This past weekend, the Lamont School of Music delivered a holiday feast to the DU community with its production of Engelbert Humperdinck’s fairy tale opera, “Hansel and Gretel.” From the magical costumes by costume shop designer and supervisor Laurie Klapperich to the buoyantly luscious music conducted by Ensemble Department Chair Lawrence Golan, the enchanted children’s story captivated the audience.
However, not all fairy tales are sugarcoated. Two children, Hansel and Gretel, who are constantly fighting the horrors of starvation realize that their family’s cupboard is bare. When their mother arrives home, she angrily sends them both into the woods to scavenge for dinner.
As the adventure unfolds, the two children have lovely encounters with the Sandman and the Dew Fairy, but the confrontation with the plump, gluttonous witch embodied the dark humor that Humperdinck imagined. The performance provided just the right amount of gruesome ingredients and hilarious anecdotes to appeal not only to adults, but children as well.
On Thursday and Saturday evening, senior vocal performance major Camille Laurice Azar from El Paso, Texas brilliantly performed the role of the gangly boy Hansel, and vocal performance major graduate student from Longmont Erin Kelly Clark, sweetly inhabited the role of Gretel with her blooming high notes. On Friday evening and Sunday afternoon, senior vocal performance major from Denver, Blair Whiteside, made a remarkable little bruiser of Hansel and senior double major in vocal performance and French Ellen Leslie from Evergreen vividly delivered a pearly sound while handling Gretel’s mood swings with vigor.
In the second act, the colorfully green witch took over the stage. With her concoctions of slapstick humor and sinister imagery, she almost succeeded in seducing Hansel and Gretel into the oven.
Alas, the hocus-pocus spells did not hold, and the cleverness of the two children triumphed. A roar erupted from the audience when Hansel and Gretel booted the witch – played to the hilt by senior vocal performance major Senhica Klee from Gilbert, AZ on Thursday and Saturday and by sophomore vocal performance major Nathan Crowder of Arvada on Friday and Sunday – into her own oversized gingerbread oven.
“This role in particular forced me as a performer to really dig down farther into my musical and acting abilities than ever before. I believe this was the case for every performer in this production,” said Klee. “Working with this cast in particular was extraordinary. We had such great stage chemistry and I feel that it translated very well to our performance. Every singer was able to grow exponentially and the audience seemed to enjoy it very much.”

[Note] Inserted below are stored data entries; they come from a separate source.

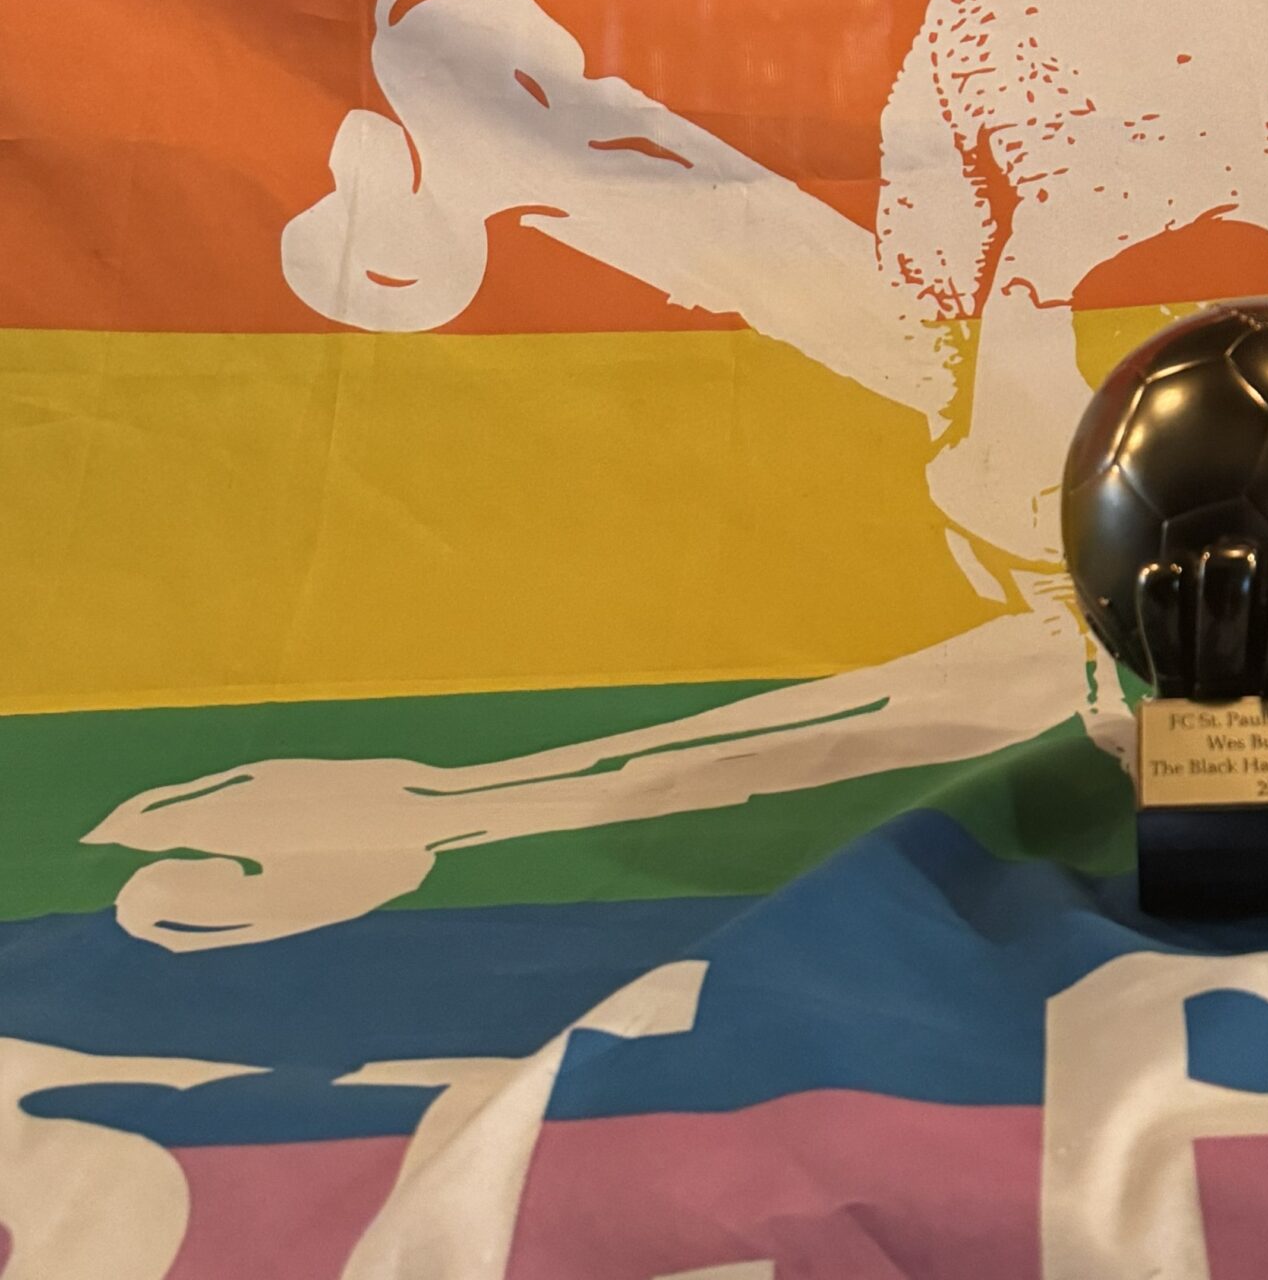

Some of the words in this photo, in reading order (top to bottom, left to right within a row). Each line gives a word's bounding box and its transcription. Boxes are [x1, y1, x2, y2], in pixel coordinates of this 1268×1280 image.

[1168, 712, 1196, 730] FC
[1199, 712, 1222, 729] St.
[1206, 734, 1245, 751] Wes
[1150, 759, 1182, 776] The
[1189, 757, 1239, 775] Black

Located directly behind the Sturm College of Law, the Ricks Center for Gifted Children provided the child actors for ten forest animals from their elementary school to perform in the opera this last weekend. In both acts, the young performers dazzled the audience with their superb immersion of their roles and their beautifully crafted costumes.
“A few years ago, the DU opera invited the kindergartners from the Ricks School to attend a dress rehearsal of Carmen. About a month later, we got an invitation to attend their opera that they wrote,” said director Kenneth Cox. “The kindergartners put on about a 20 – minute performance with their own dialogue, music and costumes. It was absolutely brilliant. And now, we have some of those same kindergartners – now 4th and 5th graders – performing in our opera.”

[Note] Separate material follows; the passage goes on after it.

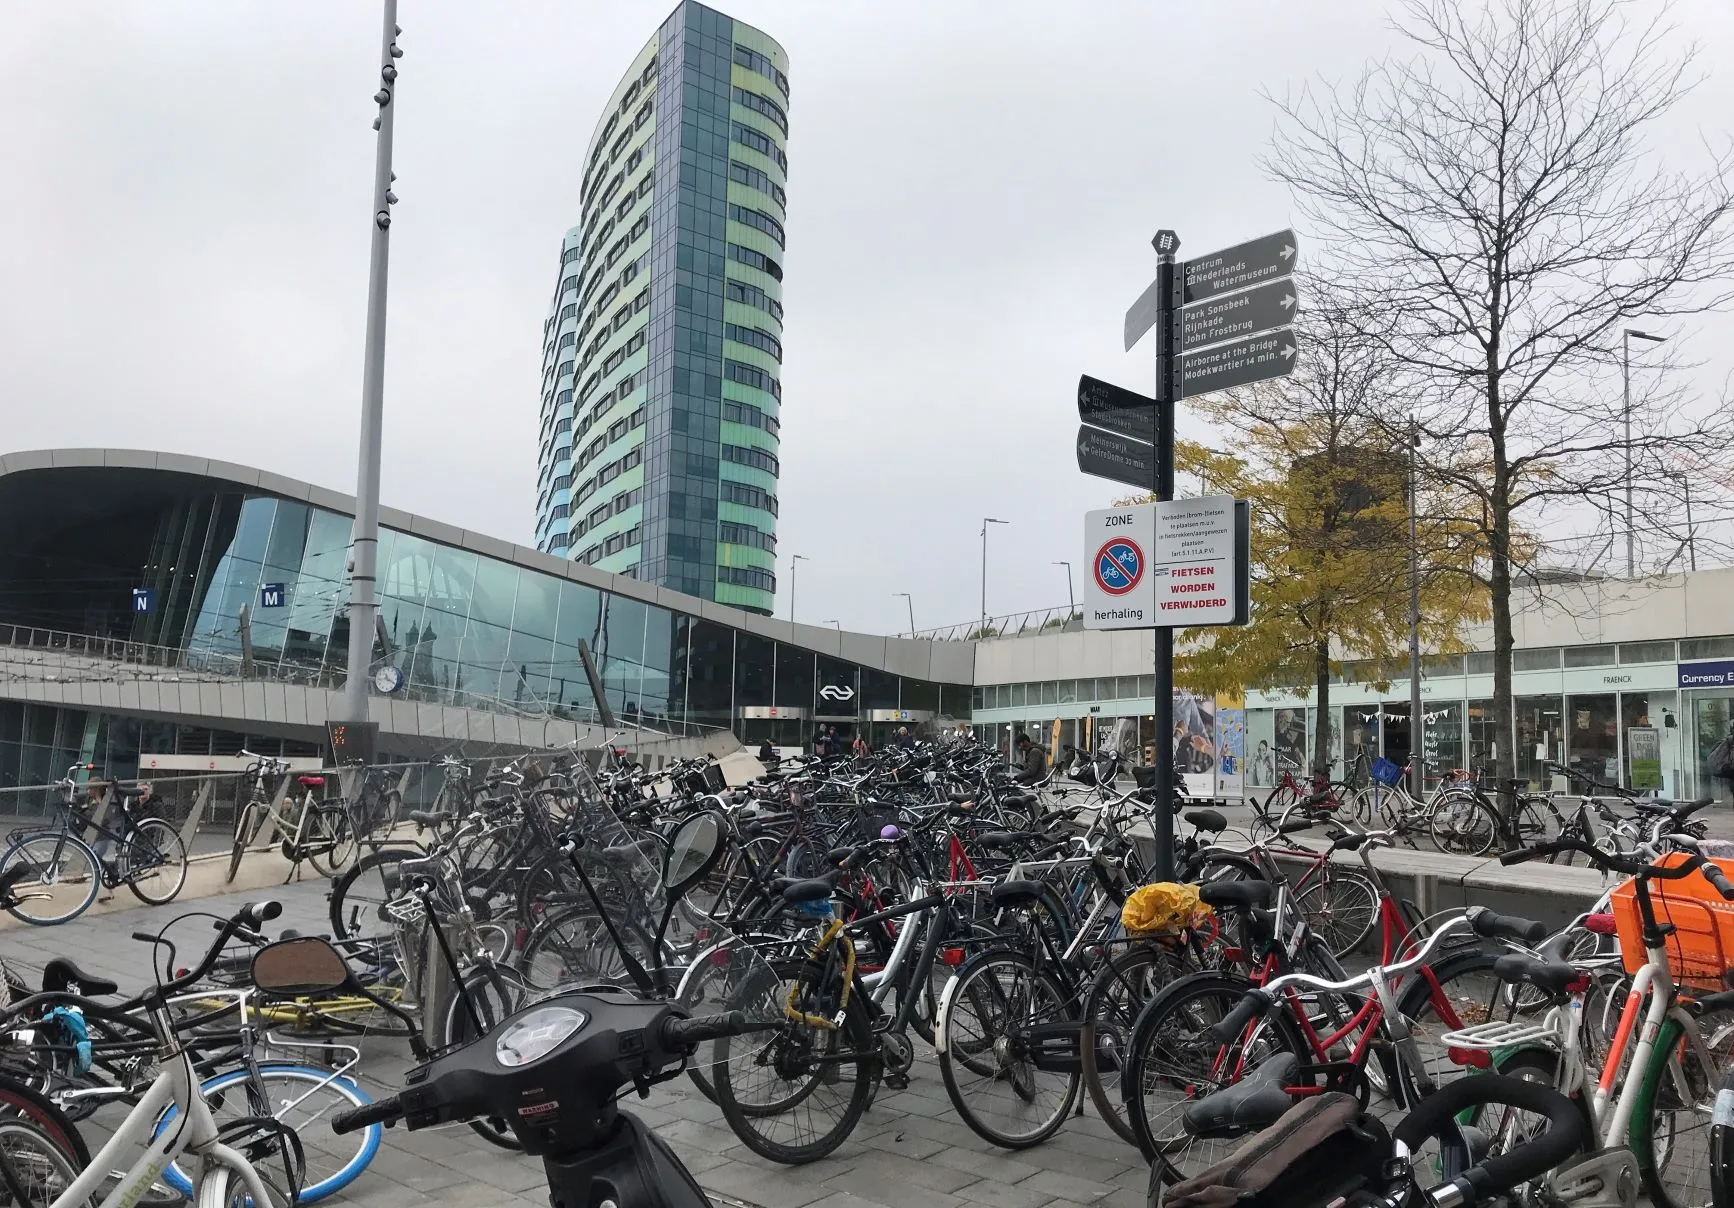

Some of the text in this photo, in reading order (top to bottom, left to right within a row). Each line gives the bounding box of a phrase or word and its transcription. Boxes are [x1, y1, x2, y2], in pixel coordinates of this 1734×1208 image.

Down in the orchestra pit, another fairy tale came to life. Conductor Lawrence Golan is in his 12th year as a tenured full professor at DU. Having won numerous international awards for his work as a conductor, Golan currently leads the after-graduate conducting program and is also an active professional conductor in his third season with the Yakima Symphony Orchestra in central Washington.
His most recent recording and first with the Lamont Symphony Orchestra, Beethoven’s Symphony No. 7, was released back in 2011 and achieved two Global Music Awards.
As for this past weekend, Golan’s conducting was riveting. From the Wagnerian-inspired richness to the soufflé-light gaiety that much of Humperdinck’s music comprises, maestro Golan found the perfect combination between the two.
With a brilliant cast of talented singers, actors and actresses, the Lamont School of Music’s “Hansel and Gretel” brought together dark psychological imagery and brewed it with burlesque-like humor and brought to life one of the most beloved fairy tales of our time.
Crowder reflected on the experience.
“The opera was the most demanding, yet most rewarding thing I have ever done at DU. I never knew performing could be so challenging,” said Crowder. “This was my first opera with a major role, and I will definitely remember it for the rest of my life.”